[Excerpts from a dataset]

+ + + +

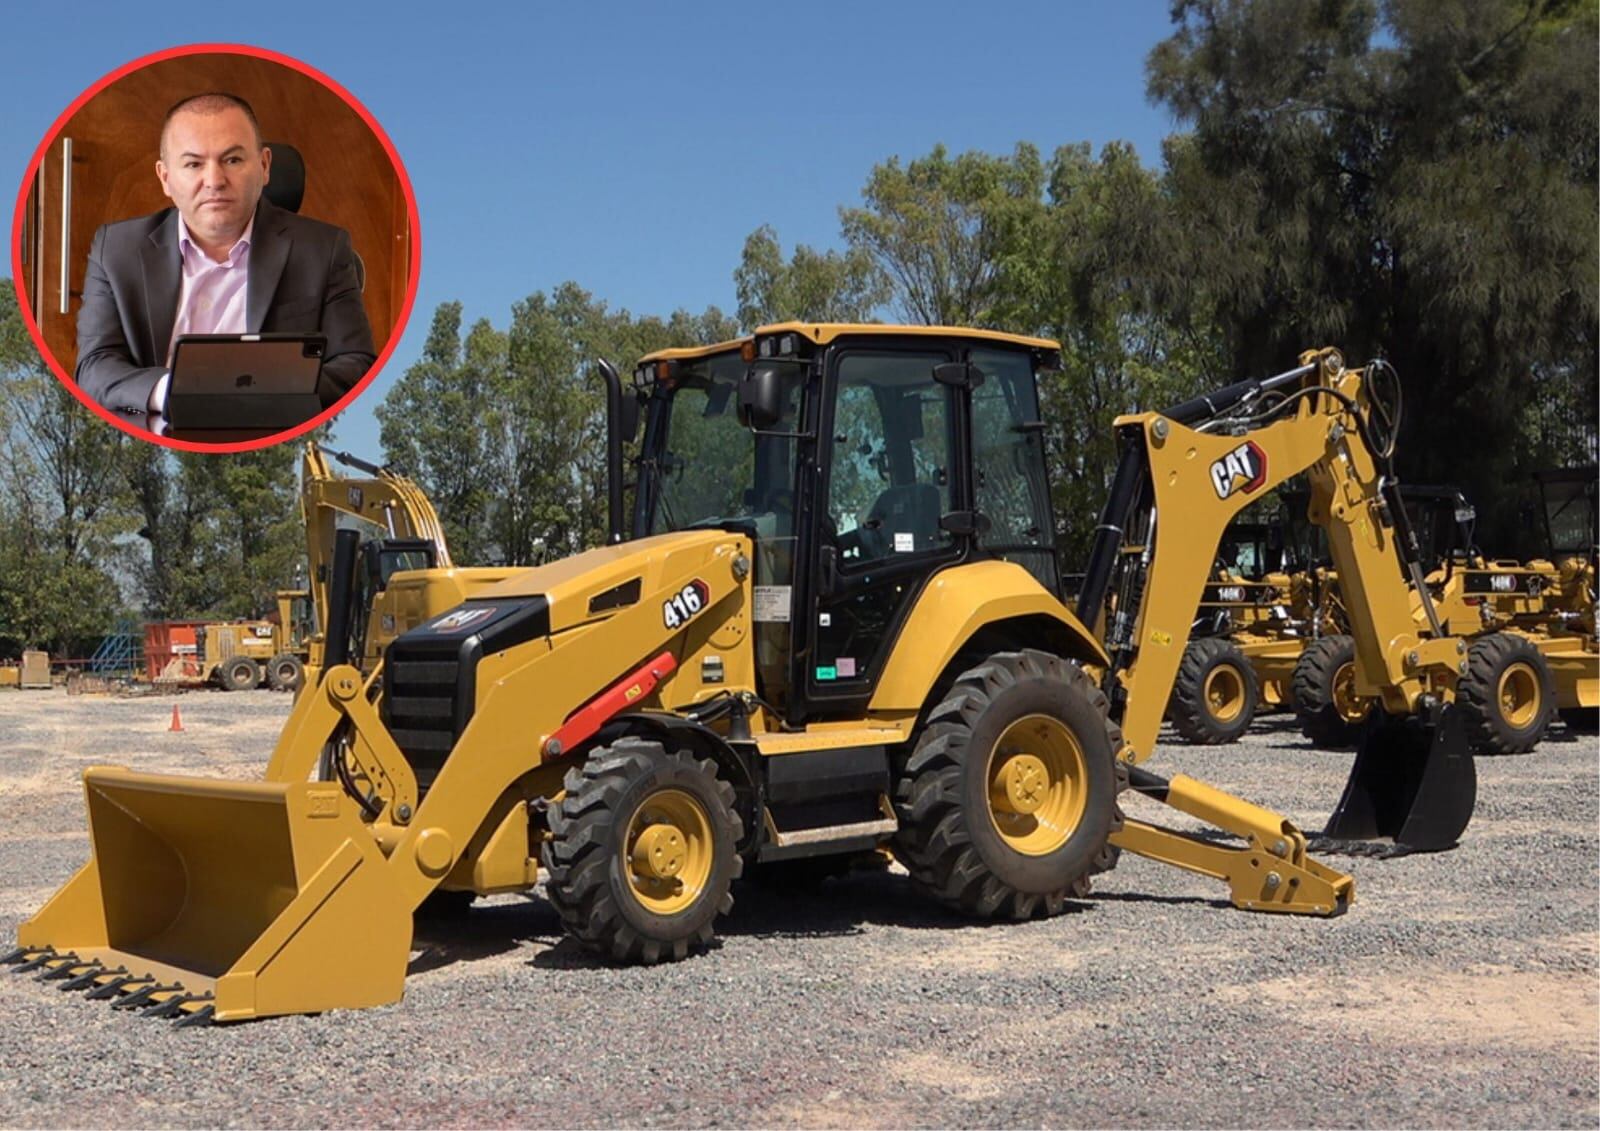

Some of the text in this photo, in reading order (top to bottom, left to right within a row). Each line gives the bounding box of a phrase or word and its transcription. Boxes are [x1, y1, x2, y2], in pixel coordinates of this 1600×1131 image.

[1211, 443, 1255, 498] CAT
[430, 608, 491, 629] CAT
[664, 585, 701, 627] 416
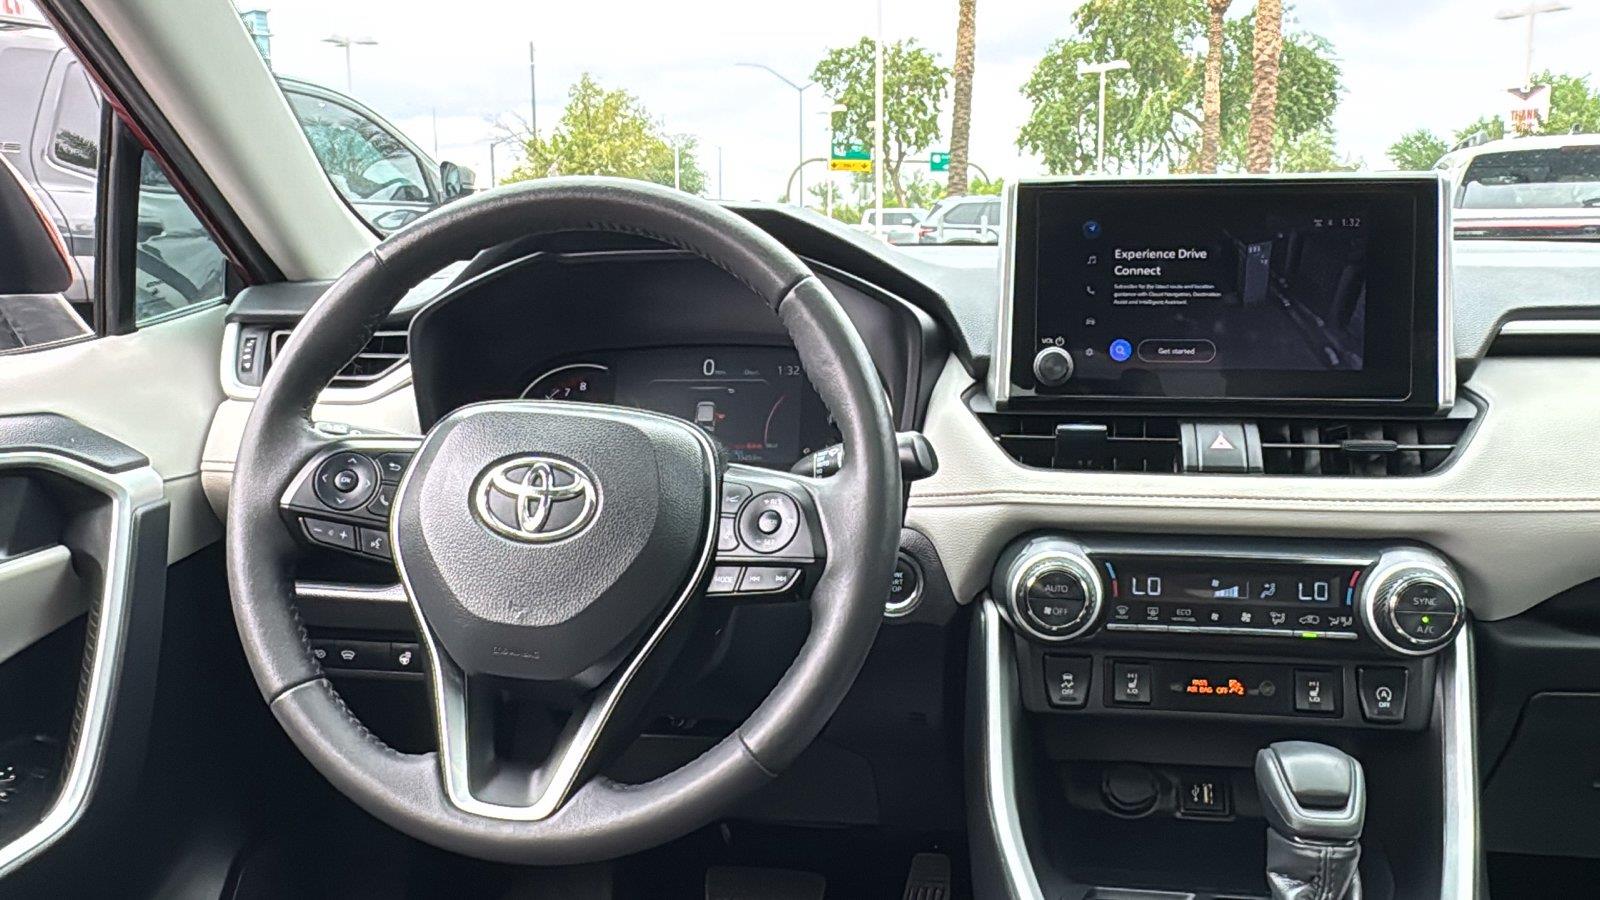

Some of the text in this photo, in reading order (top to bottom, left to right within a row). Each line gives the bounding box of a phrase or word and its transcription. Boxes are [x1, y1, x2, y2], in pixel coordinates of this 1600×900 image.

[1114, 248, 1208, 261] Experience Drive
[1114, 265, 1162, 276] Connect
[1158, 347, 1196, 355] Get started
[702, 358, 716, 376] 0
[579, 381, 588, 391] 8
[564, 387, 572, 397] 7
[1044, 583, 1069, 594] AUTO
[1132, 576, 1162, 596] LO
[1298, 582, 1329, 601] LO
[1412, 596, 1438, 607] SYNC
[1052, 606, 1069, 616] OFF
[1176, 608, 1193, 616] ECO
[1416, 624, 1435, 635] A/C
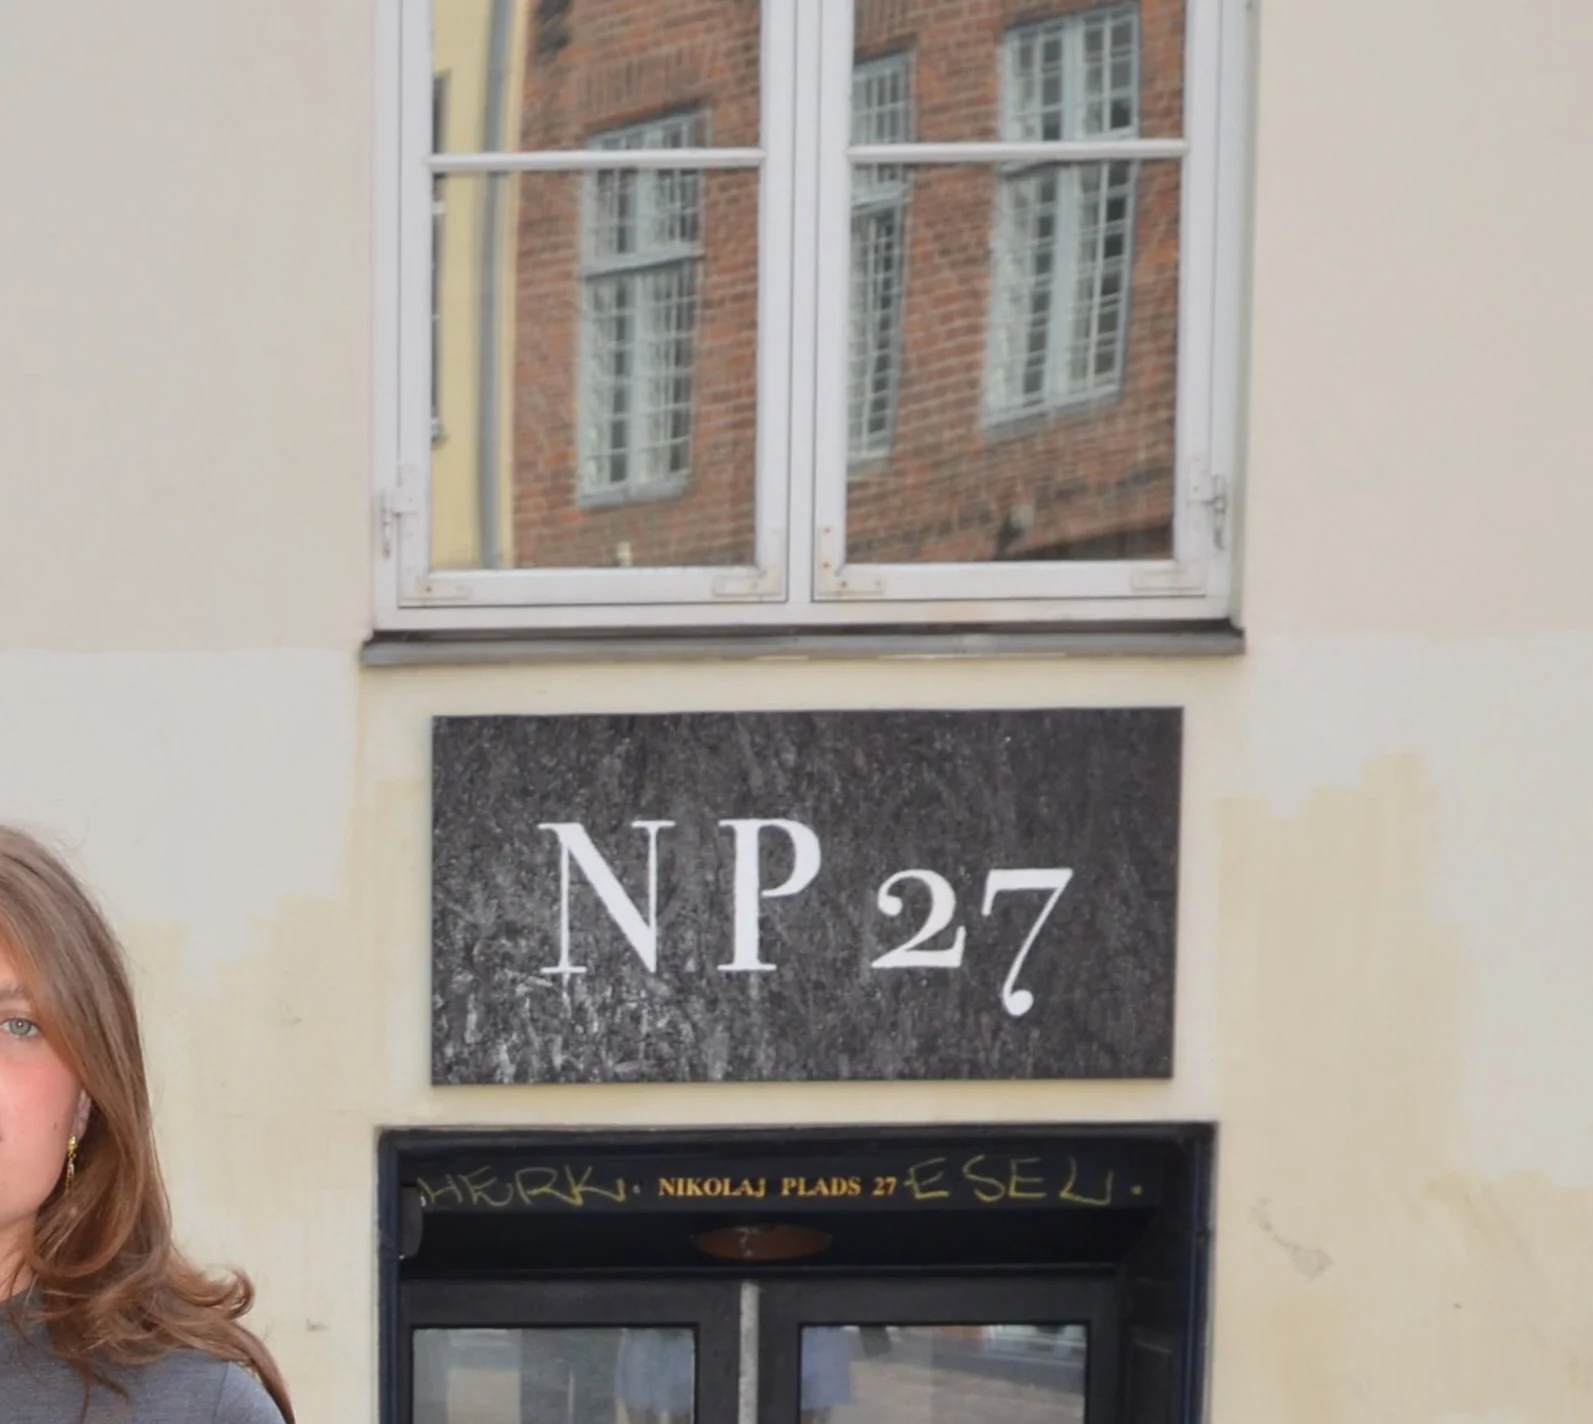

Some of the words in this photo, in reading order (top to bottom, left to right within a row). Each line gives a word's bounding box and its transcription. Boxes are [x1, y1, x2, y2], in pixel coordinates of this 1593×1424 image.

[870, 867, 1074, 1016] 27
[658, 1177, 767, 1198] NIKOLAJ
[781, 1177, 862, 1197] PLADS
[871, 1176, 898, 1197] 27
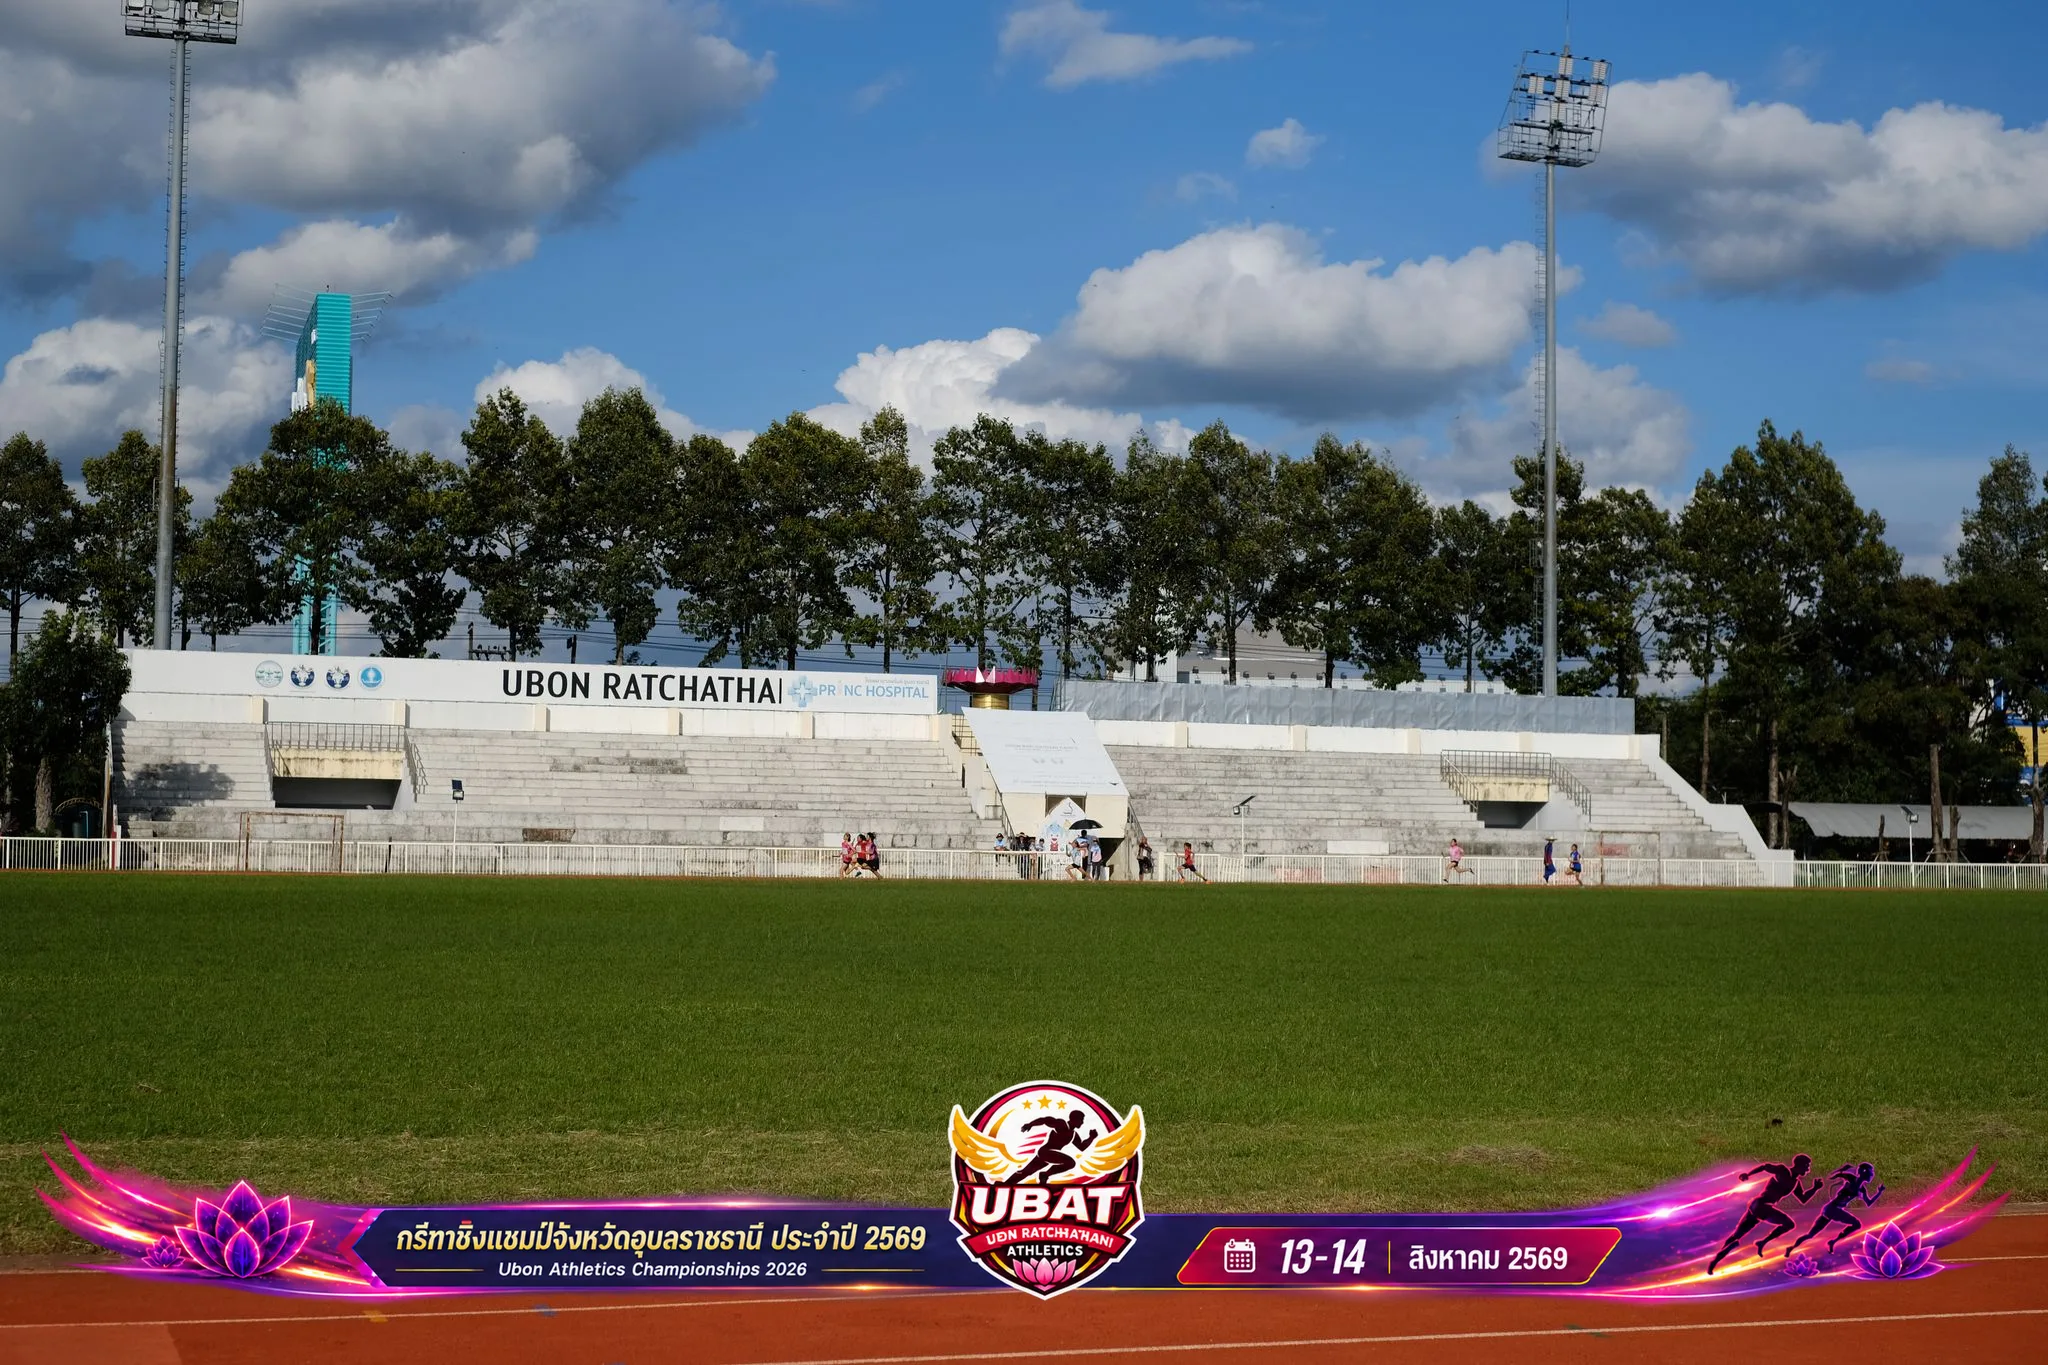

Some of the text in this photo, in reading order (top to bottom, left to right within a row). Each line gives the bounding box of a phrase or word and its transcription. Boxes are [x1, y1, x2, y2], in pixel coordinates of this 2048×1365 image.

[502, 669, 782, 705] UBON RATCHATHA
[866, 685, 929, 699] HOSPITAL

+ + + +

Task: Copy the lines above exactly. Do not include pictures.

Response:
Some of the text in this photo, in reading order (top to bottom, left to right within a row). Each line gives the bounding box of a phrase or word and its transcription. Boxes are [x1, y1, x2, y2], in pixel coordinates of this 1600×1131 image.

[1211, 443, 1255, 498] CAT
[430, 608, 491, 629] CAT
[664, 585, 701, 627] 416

Some of the text in this photo, in reading order (top to bottom, left to right within a row). Each line gives the bounding box of a phrase or word and its transcription. Boxes are [x1, y1, x2, y2], in pixel coordinates of this 1600×900 image.

[1114, 248, 1208, 261] Experience Drive
[1114, 265, 1162, 276] Connect
[1158, 347, 1196, 355] Get started
[702, 358, 716, 376] 0
[579, 381, 588, 391] 8
[564, 387, 572, 397] 7
[1044, 583, 1069, 594] AUTO
[1132, 576, 1162, 596] LO
[1298, 582, 1329, 601] LO
[1412, 596, 1438, 607] SYNC
[1052, 606, 1069, 616] OFF
[1176, 608, 1193, 616] ECO
[1416, 624, 1435, 635] A/C

Some of the words in this photo, in reading order (top to bottom, left to right within a row). Each line gives a word's bounding box and its transcription. Boxes are [x1, y1, x2, y2], in pixel coordinates of this 1593×1424 image.

[870, 867, 1074, 1016] 27
[658, 1177, 767, 1198] NIKOLAJ
[781, 1177, 862, 1197] PLADS
[871, 1176, 898, 1197] 27

Some of the text in this photo, in reading order (top to bottom, left to right within a row). Each line gives the bounding box of a phrase or word and its transcription. Boxes are [x1, y1, x2, y2], in pixel coordinates of this 2048×1365 image.

[502, 669, 782, 705] UBON RATCHATHA
[866, 685, 929, 699] HOSPITAL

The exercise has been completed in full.